68549, supra at 109-110. Thus, no additional weight was
required for these articles. Contrast Doe, Sex Offender
Registry Bd. No. 151564 v. Sex Offender Registry Bd., 456 Mass.
612, 621-622 (2010).
c. Examiner's weighing of relevant factors. Having
carefully reviewed the hearing officer's thorough written
decision, we are satisfied that the examiner's decision to
classify Doe as a level two sex offender was supported by the
requisite clear and convincing evidence. See Doe, Sex Offender
5 Because the examiner here did not reject the disputed articles or the research reflected in them, Doe's reliance on our unpublished decision in Doe, Sex Offender Registry Bd. No. 40665 v. Sex Offender Registry Bd., 100 Mass. App. Ct. 1114 (2021), is misplaced.
7 Registry Bd. No. 380316 v. Sex Offender Registry Bd., 473 Mass.
297, 300 (2015). The decision reflected an appropriate
"qualitative analysis of the individual sex offender's history
and personal circumstances," 803 Code Mass. Regs. § 1.33, and
the reasons for the examiner's decision are readily discernable.
See G. L. c. 178K, § 2 (b). Specifically, the examiner
identified each factor that she applied and explained the reason
for its application. In most instances, the examiner also
specified the weight she assigned to the factor based on the
specifics of Doe's case; where she did not do so explicitly, the
weight attached was implied. See note 3, supra. Notably, given
Doe's challenge to the hearing examiner's consideration of his
seventeen years of offense-free time in the community, the
examiner gave "full [mitigating] weight" to factor 29.

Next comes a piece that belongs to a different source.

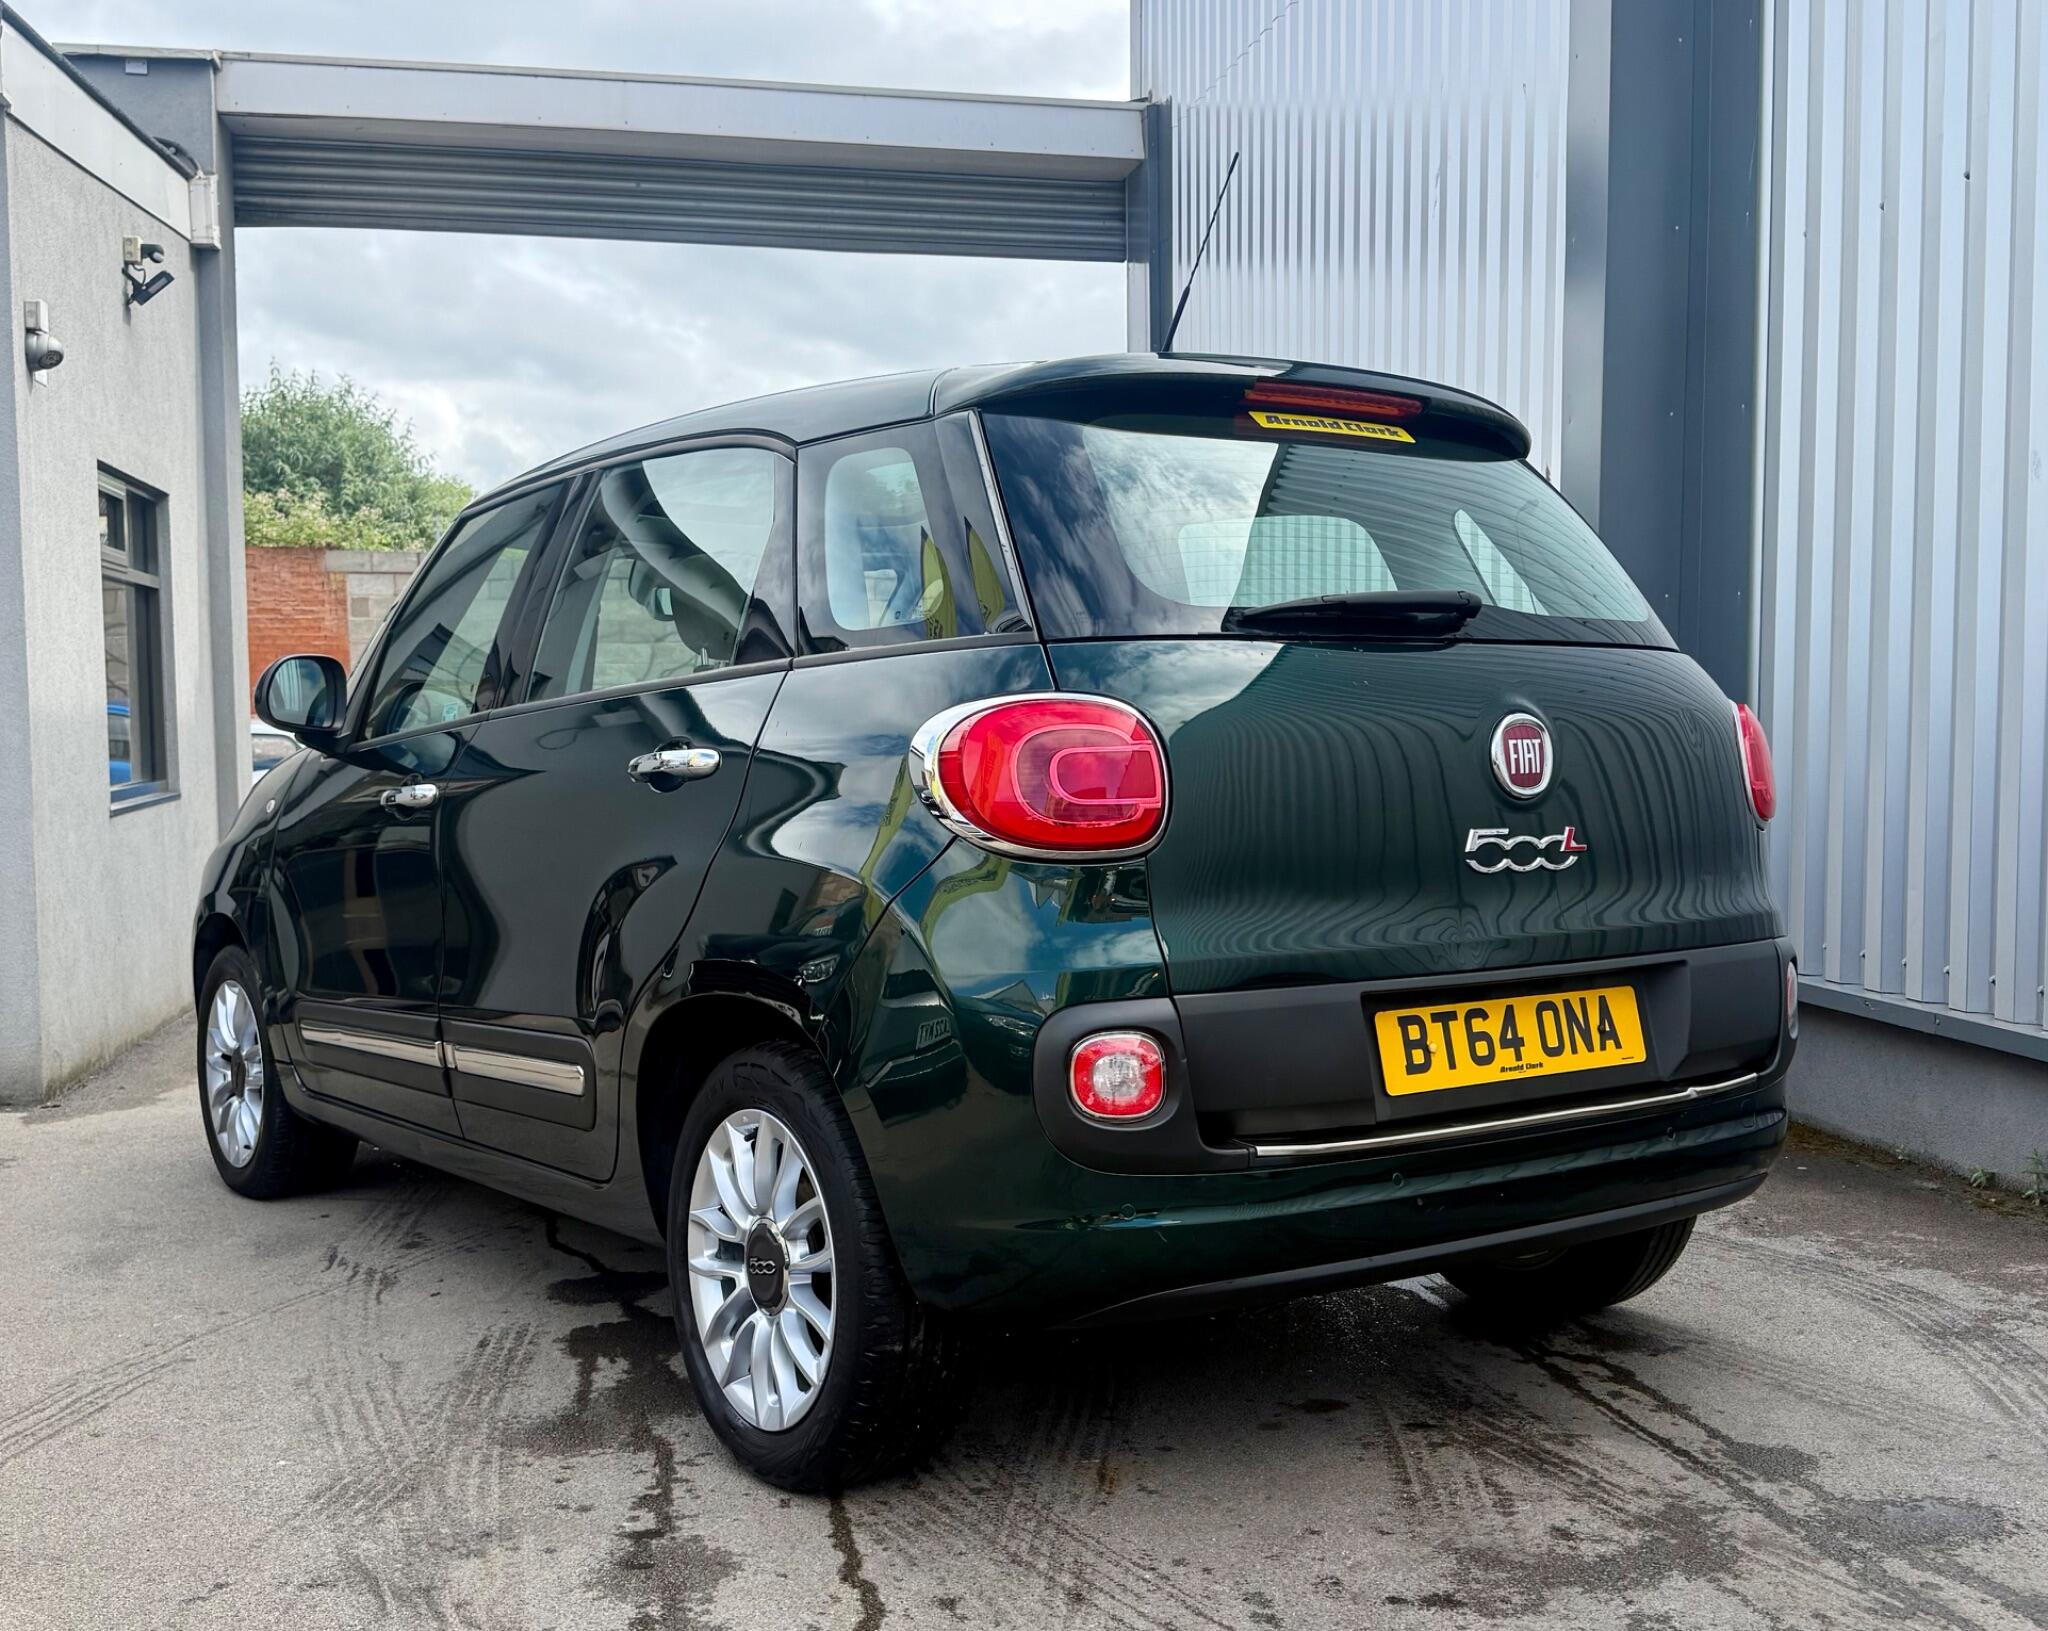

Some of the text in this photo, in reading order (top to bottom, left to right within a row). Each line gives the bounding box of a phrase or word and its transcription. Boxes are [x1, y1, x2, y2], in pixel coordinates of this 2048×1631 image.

The hearing examiner was required to consider both the
board's evidence and "whatever in the record fairly detracts
from its weight." New Boston Garden Corp. v. Assessors of
Boston, 383 Mass. 456, 466 (1981), quoting Cohen v. Board of
Registration in Pharmacy, 350 Mass. 246, 253 (1966). We are
satisfied that the examiner conducted a proper assessment of the
evidence, and that her "[analytical] path may reasonably be
discerned" from her decision. NSTAR Elec. Co. v. Department of
Pub. Utils., 462 Mass. 381, 387 (2012), quoting Costello v.
8 Department of Pub. Utils., 391 Mass. 527, 535-536 (1984). See
Doe, Sex Offender Registry Bd. No. 136652 v. Sex Offender
Registry Bd., 81 Mass. App. Ct. 639, 651 (2012) ("the
classification [must be] based on a sound exercise of informed
discretion rather than the mechanical application of a checklist
or some other reflex").
Judgment affirmed.
By the Court (Massing, Hand & Smyth, JJ.6),
Clerk
Entered: December 27, 2024.
6 The panelists are listed in order of seniority.